The question you ask is a special case of what is called the membership problem.
The membership problem: Let $G$ be a group, and $H$ a subgroup. Is there an algorithm which takes an element $g\in G$ and outputs whether $g\in H$?
In this case $G=S_8$ and $H=\textrm{Sym}(\textrm{cube})$. For arbitrary groups, the membership problem is undecidable, however for subgroups of permutation group it is decidable, and the most well-known algorithm is called the Schreier-Sims algorithm. This runs in polynomial time.
One can implement this algorithm in your particular case, but there is also a more elementary method if you set up the labelling on the cube in a clever way. In your question you didn't specify how the vertices are labelled, but as you pointed out in the comments relabelling doesn't fundamentally change the problem.
For my labelling I am not going to use $\{1,2,\dots,8\}$, instead I will use $\{1,2,3,4,\bar{1},\bar{2},\bar{3},\bar{4}\}$. I am going to label according to the figure below. Notice I have chosen the labelling to represent the fact that the cube contains two regular tetrahedra inside it which together define its eight vertices. On the level of groups this reflects the fact that the symmetry group of the tetrahedron, $S_4$, is an index two subgroup of $\textrm{Sym}(\textrm{cube})$.
Now, as a subgroup of $\textrm{Perm}\{1,2,3,4,\bar{1},\bar{2},\bar{3},\bar{4}\}$, the symmetry group of the cube is generated by $S_4=\textrm{Perm}\{1,2,3,4\}$ (which is the group of symmetries of the blue tetrahedron) together with the permutation $$\sigma=(1\;\bar{1})(2\;\bar{2})(3\;\bar{3})(4\;\bar{4}).$$ This has the effect of swapping the red and blue tetrahedra, and as a symmetry is the antipodal map.
Now suppose we have an element of $\textrm{Sym}(\textrm{cube})$, then it can be expressed as a finite combination of permutations $g_1\sigma g_2 \sigma g_3\sigma\cdots\sigma g_n$ of some length, where the $g_i\in S_4$. We can ask what such a product looks like in cycle notation.
Well if $g\in\textrm{Perm}\{1,2,3,4\}$, then $\sigma g\in\textrm{Perm}\{\bar{1},\bar{2},\bar{3},\bar{4}\}$. Similarly, if $h\in\textrm{Perm}\{\bar{1},\bar{2},\bar{3},\bar{4}\}$, then $\sigma h\in\textrm{Perm}\{1,2,3,4\}$. Therefore, the element $\sigma g_2 \sigma g_3\sigma\cdots\sigma g_n$ will lie in either $\textrm{Perm}\{1,2,3,4\}$ or $\textrm{Perm}\{\bar{1},\bar{2},\bar{3},\bar{4}\}$, depending on whether $n$ is even or odd.
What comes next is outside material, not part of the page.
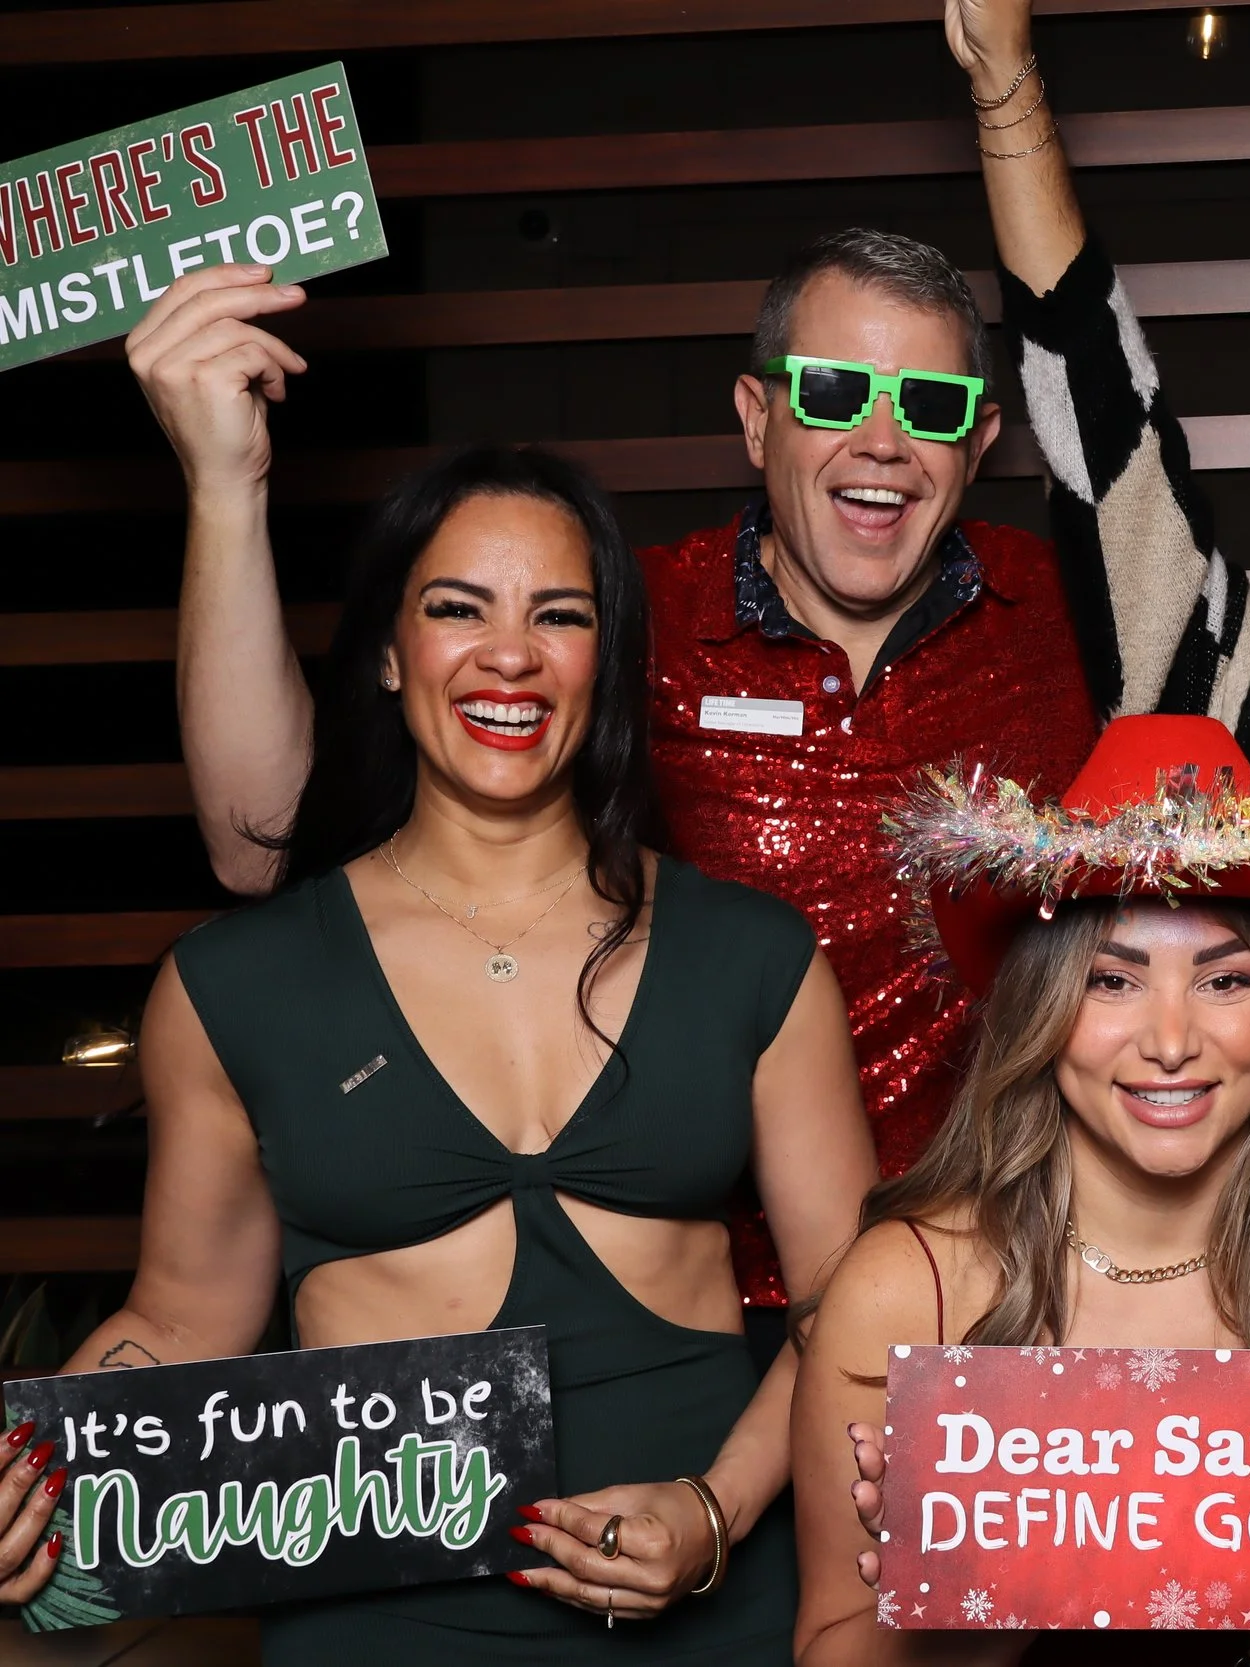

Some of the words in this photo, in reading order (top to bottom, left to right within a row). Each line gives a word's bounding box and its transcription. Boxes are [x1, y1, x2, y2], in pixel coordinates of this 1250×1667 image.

Thus $g_1\sigma g_2 \sigma g_3\sigma\cdots\sigma g_n$ will be one of the following
- An element of $\textrm{Perm}\{1,2,3,4\}$
- An element of $\textrm{Perm}\{\bar{1},\bar{2},\bar{3},\bar{4}\}$
- A product of two permutations, one from $\textrm{Perm}\{1,2,3,4\}$ and one from $\textrm{Perm}\{\bar{1},\bar{2},\bar{3},\bar{4}\}$
Moreover it is easy to see that every permutation which is in one of these forms is a symmetry of the cube. Therefore we have proved the following easy solution to the membership problem in this case:
Proposition: An element of $\textrm{Perm}\{1,2,3,4,\bar{1},\bar{2},\bar{3},\bar{4}\}$ lies in $\textrm{Sym}(\textrm{cube})$ if and only if each cycle lies in either $\textrm{Perm}\{1,2,3,4\}$ or $\textrm{Perm}\{\bar{1},\bar{2},\bar{3},\bar{4}\}$.
Edit: after posting my answer I saw OP had added a couple of extra comments. To relate my answer to those, note that each of the four diagonals of the cube has exactly one endpoint in the blue tetrahedron, and one in the red tetrahedron. Tus thinking about permuting diagonals is equivalent to thinking about symmetries of one of the tetrahedra. The corresponding $S_4$ subgroup, which I said was index 2, is the group of orientation preserving symmetries of the cube.
The issue raised in the class summary is about recognising the type of symmetry of the cube (rotation about a vertex, rotation about the midpoint of an edge, reflection, etc) which is not the question you asked, and so not the question I have answered.